#### RECORDS PROVIDED

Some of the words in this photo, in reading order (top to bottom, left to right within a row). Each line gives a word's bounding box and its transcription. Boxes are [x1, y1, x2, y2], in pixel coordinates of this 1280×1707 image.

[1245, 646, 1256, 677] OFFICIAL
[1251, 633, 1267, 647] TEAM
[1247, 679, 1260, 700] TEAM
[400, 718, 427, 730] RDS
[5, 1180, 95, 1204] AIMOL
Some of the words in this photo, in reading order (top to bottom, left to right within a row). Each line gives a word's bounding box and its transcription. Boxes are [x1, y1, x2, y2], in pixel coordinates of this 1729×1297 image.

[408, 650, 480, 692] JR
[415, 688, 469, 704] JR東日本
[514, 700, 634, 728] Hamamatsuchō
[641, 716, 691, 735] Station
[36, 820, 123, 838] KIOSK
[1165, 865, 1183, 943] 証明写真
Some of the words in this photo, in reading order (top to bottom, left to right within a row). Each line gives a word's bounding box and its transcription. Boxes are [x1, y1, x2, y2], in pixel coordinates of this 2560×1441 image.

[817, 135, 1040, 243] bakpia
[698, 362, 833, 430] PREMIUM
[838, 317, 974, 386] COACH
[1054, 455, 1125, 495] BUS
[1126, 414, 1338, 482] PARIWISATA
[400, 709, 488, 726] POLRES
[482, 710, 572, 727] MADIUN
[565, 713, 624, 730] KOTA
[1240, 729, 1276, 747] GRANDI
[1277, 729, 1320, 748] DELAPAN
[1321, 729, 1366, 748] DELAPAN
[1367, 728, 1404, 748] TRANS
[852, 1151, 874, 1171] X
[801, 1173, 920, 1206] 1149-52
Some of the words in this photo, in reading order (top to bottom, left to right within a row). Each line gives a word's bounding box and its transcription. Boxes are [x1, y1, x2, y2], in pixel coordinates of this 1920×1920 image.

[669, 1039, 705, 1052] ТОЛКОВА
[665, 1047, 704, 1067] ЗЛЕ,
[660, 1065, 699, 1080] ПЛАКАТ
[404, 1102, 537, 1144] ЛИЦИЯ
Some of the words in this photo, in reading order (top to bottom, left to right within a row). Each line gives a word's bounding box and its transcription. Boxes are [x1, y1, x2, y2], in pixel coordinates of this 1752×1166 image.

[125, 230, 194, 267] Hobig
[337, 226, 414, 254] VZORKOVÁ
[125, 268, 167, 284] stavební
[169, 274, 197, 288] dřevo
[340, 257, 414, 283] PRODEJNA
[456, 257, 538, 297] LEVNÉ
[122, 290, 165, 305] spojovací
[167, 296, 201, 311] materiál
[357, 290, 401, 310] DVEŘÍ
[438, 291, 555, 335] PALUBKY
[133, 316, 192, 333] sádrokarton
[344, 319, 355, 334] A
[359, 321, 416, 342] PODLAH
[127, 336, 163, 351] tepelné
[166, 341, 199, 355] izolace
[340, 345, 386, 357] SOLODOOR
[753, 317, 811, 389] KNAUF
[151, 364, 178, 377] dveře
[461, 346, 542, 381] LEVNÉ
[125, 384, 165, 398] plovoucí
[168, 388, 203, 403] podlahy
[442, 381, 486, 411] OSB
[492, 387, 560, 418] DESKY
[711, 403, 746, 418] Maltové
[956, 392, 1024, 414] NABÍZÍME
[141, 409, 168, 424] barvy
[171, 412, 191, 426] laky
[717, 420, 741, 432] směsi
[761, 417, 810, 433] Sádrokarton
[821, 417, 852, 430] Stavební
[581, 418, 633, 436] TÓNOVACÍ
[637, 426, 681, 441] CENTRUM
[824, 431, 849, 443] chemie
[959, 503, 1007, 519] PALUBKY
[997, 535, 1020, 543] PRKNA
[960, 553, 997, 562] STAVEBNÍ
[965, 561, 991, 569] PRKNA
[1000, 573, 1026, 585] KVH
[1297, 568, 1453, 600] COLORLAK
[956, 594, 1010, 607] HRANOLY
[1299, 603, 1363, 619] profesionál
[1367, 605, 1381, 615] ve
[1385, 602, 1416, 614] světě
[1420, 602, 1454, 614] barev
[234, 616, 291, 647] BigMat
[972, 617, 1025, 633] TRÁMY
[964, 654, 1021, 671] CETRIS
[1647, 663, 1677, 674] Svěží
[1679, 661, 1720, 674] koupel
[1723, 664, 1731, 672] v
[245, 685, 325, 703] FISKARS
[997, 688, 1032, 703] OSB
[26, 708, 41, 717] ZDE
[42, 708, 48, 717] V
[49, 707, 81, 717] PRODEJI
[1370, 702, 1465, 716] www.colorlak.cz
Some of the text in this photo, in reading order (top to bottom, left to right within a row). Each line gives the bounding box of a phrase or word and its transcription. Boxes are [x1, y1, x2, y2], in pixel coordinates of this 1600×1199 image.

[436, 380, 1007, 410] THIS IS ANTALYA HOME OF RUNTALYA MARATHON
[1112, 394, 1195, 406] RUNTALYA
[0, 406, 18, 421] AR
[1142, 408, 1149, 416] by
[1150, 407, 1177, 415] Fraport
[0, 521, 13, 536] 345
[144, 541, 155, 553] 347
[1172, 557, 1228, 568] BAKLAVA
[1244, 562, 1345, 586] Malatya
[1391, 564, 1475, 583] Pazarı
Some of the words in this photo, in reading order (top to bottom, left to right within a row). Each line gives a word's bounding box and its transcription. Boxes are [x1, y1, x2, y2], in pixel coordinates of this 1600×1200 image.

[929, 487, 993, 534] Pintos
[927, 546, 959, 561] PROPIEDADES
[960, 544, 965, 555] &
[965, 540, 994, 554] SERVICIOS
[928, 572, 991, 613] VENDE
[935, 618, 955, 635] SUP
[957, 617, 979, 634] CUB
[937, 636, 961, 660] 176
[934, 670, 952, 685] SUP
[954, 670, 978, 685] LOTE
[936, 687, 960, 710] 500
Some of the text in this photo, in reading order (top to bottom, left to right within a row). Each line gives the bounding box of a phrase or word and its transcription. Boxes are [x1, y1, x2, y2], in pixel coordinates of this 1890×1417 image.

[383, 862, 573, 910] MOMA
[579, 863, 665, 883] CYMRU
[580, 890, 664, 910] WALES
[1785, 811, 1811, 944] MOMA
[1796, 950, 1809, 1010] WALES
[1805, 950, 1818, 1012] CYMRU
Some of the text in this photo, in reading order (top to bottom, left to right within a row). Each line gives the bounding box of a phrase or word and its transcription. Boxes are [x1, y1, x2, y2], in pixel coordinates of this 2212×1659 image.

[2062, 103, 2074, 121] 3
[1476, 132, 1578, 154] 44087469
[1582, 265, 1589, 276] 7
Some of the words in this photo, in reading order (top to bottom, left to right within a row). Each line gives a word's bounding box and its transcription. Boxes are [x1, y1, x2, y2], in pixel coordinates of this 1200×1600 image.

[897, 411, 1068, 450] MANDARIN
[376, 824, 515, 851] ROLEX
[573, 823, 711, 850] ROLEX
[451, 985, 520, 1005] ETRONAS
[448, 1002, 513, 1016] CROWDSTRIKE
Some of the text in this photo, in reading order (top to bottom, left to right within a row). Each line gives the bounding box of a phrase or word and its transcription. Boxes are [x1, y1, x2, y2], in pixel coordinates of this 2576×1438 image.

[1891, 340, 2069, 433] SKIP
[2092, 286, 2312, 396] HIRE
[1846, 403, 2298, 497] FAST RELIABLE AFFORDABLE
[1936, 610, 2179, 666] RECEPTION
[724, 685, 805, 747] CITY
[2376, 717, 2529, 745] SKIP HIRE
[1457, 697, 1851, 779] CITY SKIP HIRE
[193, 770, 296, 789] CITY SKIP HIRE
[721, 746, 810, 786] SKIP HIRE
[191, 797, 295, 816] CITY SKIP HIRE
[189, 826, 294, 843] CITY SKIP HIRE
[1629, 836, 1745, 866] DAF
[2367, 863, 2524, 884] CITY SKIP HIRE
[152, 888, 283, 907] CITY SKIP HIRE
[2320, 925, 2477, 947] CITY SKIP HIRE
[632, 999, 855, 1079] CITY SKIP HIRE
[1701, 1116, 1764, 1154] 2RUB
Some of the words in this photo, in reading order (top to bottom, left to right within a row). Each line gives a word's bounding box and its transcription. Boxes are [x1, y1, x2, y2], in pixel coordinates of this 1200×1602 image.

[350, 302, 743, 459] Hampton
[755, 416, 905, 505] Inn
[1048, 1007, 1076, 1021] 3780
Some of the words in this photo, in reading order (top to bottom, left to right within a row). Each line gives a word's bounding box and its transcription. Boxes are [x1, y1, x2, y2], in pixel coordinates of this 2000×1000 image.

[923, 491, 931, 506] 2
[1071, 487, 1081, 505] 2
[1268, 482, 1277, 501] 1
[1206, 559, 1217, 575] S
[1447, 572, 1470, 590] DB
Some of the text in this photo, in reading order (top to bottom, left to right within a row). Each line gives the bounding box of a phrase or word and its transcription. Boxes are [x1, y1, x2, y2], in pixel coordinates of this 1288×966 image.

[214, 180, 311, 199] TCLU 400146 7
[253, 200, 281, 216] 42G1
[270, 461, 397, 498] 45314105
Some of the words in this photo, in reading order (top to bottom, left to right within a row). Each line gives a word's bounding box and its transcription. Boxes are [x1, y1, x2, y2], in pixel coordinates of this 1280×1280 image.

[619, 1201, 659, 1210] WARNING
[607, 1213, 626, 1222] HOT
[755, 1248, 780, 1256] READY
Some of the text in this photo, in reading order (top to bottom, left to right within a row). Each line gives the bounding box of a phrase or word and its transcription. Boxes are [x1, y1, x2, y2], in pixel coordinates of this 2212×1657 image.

########

PROBLEM DETAILS —
Return exactly the line that contains "this 1280×1280 image." and every line after it, through the last line of the records.

RESULT FOR THIS EXERCISE —
Some of the words in this photo, in reading order (top to bottom, left to right within a row). Each line gives a word's bounding box and its transcription. Boxes are [x1, y1, x2, y2], in pixel coordinates of this 1280×1280 image.

[619, 1201, 659, 1210] WARNING
[607, 1213, 626, 1222] HOT
[755, 1248, 780, 1256] READY
Some of the text in this photo, in reading order (top to bottom, left to right within a row). Each line gives the bounding box of a phrase or word and its transcription. Boxes are [x1, y1, x2, y2], in pixel coordinates of this 2212×1657 image.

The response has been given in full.